Output every record word for word, minus the pictures.

• [RAW DATA]:
******

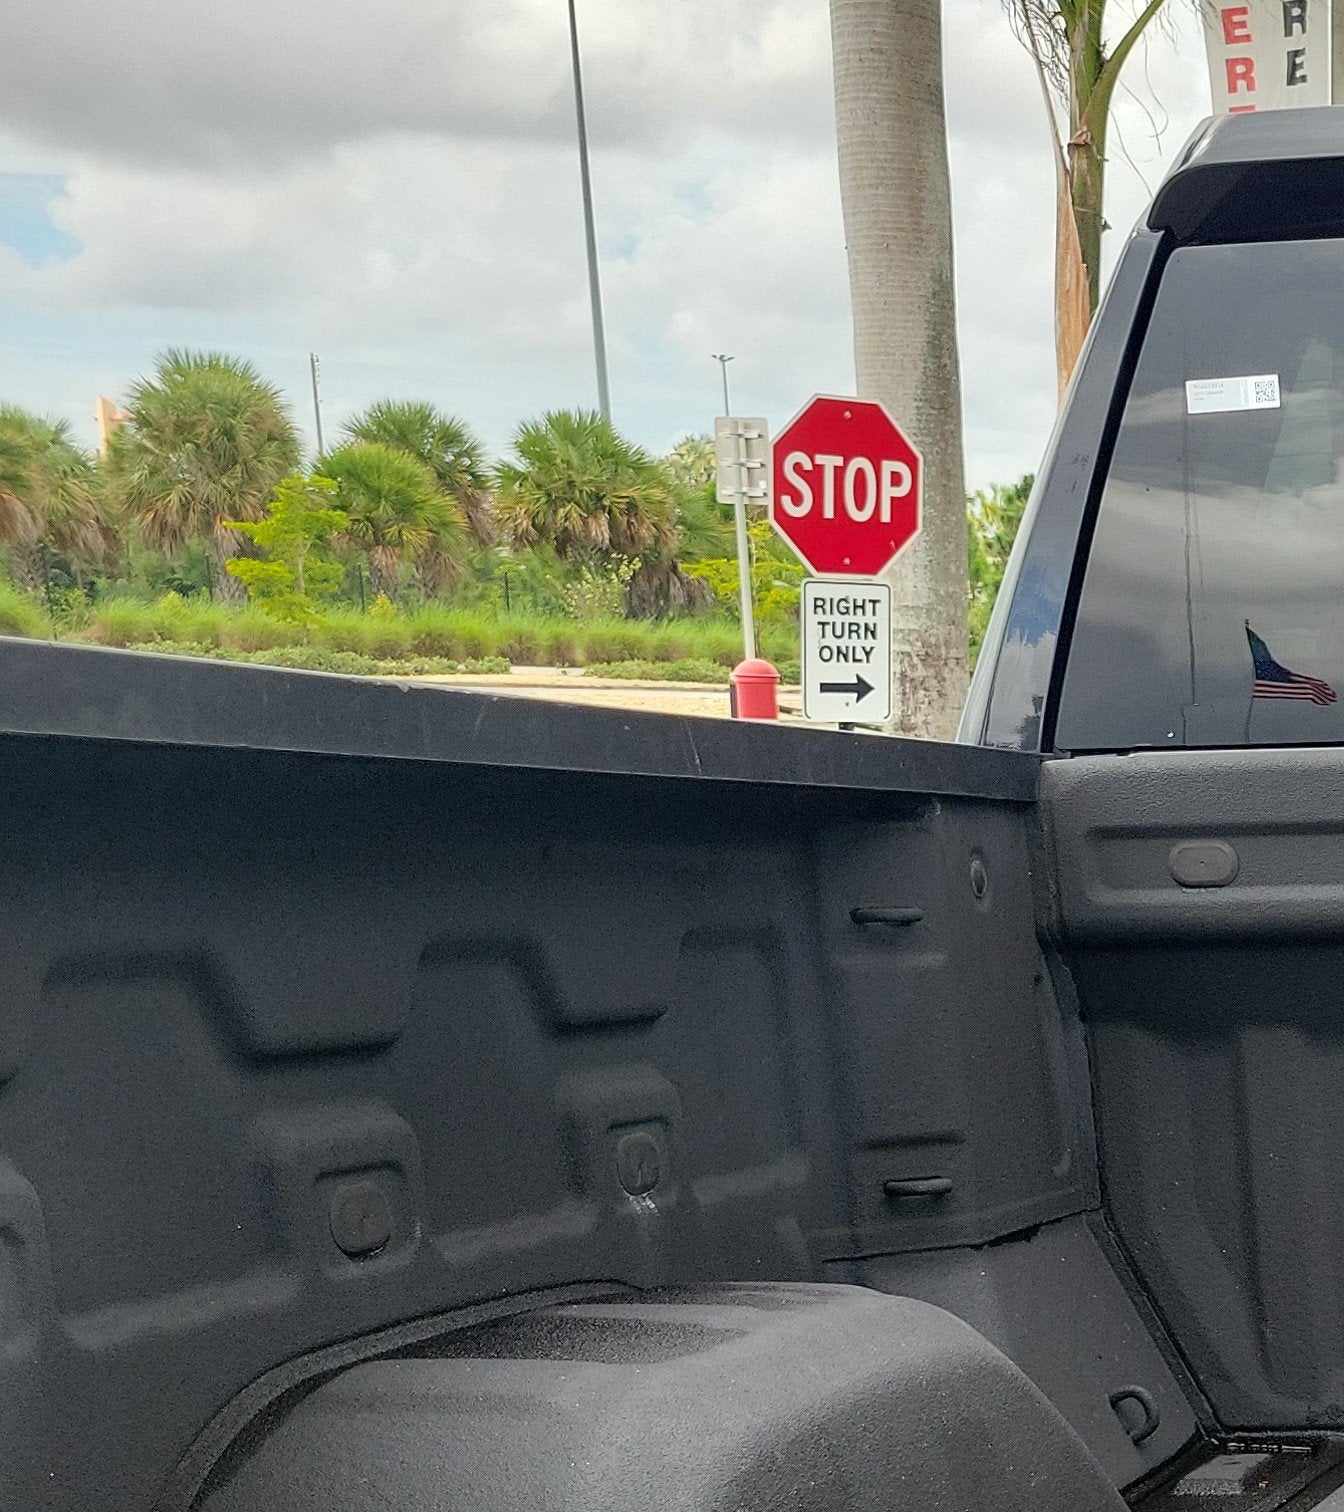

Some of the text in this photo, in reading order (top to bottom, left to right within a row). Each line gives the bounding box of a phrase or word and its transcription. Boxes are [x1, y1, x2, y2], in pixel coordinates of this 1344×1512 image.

[780, 451, 913, 523] STOP
[813, 596, 882, 616] RIGHT
[816, 621, 878, 640] TURN
[818, 645, 876, 664] ONLY

******

• [RESPONSE AREA]:
Some of the text in this photo, in reading order (top to bottom, left to right within a row). Each line gives the bounding box of a phrase or word and its transcription. Boxes are [x1, y1, x2, y2], in pixel coordinates of this 1344×1512 image.

[780, 451, 913, 523] STOP
[813, 596, 882, 616] RIGHT
[816, 621, 878, 640] TURN
[818, 645, 876, 664] ONLY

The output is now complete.